* "Tastefully executed with really tight ... lines and nice detailing." -- The exterior
* "A fine choice for middle America in real-world driving conditions." -- The 2.5-liter engine
* "Without the compromises the mainstream green vehicles impose." -- The diesel version
A mixture of German engineering and Tennessee craftsmanship is why Volkswagen's made-in-Chattanooga Passat drew Car of the Year honors from Motor Trend magazine, the assembly plant's chief said Wednesday.
"This is a really good sign," said Frank Fischer, CEO of VW's Chattanooga operations.
Making the announcement at the Los Angeles Auto Show, Motor Trend cited the all-new midsize sedan's design, engineering, fuel efficiency, safety and value.

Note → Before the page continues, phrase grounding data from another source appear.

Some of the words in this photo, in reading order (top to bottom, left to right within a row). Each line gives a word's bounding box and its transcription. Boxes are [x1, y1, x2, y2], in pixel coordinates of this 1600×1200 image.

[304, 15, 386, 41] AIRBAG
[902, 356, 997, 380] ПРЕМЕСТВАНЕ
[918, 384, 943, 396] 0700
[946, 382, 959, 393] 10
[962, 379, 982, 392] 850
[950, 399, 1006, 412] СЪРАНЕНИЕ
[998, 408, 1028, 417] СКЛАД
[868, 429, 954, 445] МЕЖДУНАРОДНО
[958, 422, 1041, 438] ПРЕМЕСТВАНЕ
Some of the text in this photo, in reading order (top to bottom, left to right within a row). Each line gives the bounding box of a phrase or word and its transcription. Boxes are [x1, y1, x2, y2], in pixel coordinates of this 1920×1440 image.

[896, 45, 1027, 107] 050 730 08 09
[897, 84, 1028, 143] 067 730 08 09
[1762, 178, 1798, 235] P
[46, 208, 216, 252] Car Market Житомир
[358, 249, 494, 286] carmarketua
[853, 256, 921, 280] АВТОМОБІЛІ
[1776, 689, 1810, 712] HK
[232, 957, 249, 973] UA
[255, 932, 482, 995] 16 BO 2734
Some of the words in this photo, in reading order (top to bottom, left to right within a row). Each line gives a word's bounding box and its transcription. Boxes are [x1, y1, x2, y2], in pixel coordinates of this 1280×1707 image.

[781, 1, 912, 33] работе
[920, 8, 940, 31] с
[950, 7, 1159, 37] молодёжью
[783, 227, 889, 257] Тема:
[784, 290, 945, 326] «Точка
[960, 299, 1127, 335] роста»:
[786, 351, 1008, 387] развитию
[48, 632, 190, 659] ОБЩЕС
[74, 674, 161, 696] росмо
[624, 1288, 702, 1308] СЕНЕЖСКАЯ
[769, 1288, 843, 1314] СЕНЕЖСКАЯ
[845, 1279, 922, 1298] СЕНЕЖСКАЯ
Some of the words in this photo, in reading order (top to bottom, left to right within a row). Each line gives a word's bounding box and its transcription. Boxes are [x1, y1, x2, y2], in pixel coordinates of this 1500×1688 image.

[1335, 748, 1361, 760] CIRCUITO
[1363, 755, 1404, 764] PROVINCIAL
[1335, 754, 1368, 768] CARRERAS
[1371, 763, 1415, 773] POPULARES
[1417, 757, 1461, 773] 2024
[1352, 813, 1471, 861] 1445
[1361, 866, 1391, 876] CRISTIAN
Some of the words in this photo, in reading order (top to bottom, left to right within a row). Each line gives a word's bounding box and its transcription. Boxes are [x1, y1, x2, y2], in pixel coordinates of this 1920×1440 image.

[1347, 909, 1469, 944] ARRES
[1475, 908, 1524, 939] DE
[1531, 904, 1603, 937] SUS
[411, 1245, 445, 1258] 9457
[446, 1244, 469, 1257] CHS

"Here's where VW's $4 billion Chattanooga plant investment pays for U.S. buyers," the magazine said, citing the cost VW reported it took to bring the car from design to the U.S. dealer.
According to the magazine, the Passat edged out the Chrysler 300 in the closest vote ever.
Angus MacKenzie, Motor Trend editor-in-chief, especially cited the Passat's "engineering excellence."
"Chassis, steering, ride and handling all are tastiest," he said.
The Passat, redesigned for the American market by becoming larger and featuring creature comforts attuned to the desires of U.S. motorists, competed against 34 other vehicles.
Jesse Toprak, TrueCar.com's vice president of industry trends and insights, said the Passat is "a good value proposition" in a market of midsize sedans that's "the most competitive it has ever been."
Fischer said the award may boost Passat sales, which VW officials have called better than expected over the first few months.
"I think it will spur sales on more," said Fischer, who oversaw construction at the Chattanooga plant and the car's production earlier this year and who accepted the Motor Trend award with Jonathan Browning, VW of America's CEO.
Higher Passat sales will mean more production at the 2,000-employee Chattanooga plant, he said.
"In the first half of 2012, we'll have to push the ramp up," Fischer said, noting spring is a key time for new car sales.
Motor Trend cited the "exquisite detailing" of the car's exterior, but said interior styling breaks little new ground, yet that may let it age more gracefully than others.
Under the hood, Motor Trend's test team said, the 2.5-liter engine is "a fine choice for middle America in real-world driving conditions."
The car's turbodiesel engine found no detractors, and Motor Trend reviewers said the most powerful Passat, which features a V6 engine, meant going from zero to 60 mph in just 5.7 seconds.
In terms of safety, the six-airbag Passat was cited by the magazine for an agile chassis that's tuned to keeping it out of trouble.
Additionally, the new Passat's price, which cuts about $7,000 from the previous model, was noted by Motor Trend.
TrueCar.com's Toprak said VW and Passat have potential for growth, though awards don't always equate to sharply higher sales.
"They do that by working on branding," he said.
But there's still room for growth, he said, and VW ought to take more of a risk in the car's looks when it's redesigned.
"It's too safe," he said.
U.S. Sen. Bob Corker, R-Tenn., who helped woo VW to the city, said the award is "icing on the cake for what has been an outstanding year for the Volkswagen-Chattanooga marriage."
"Many of us believed Volkswagen would flourish in Chattanooga, and this is certainly evidence they are," he said.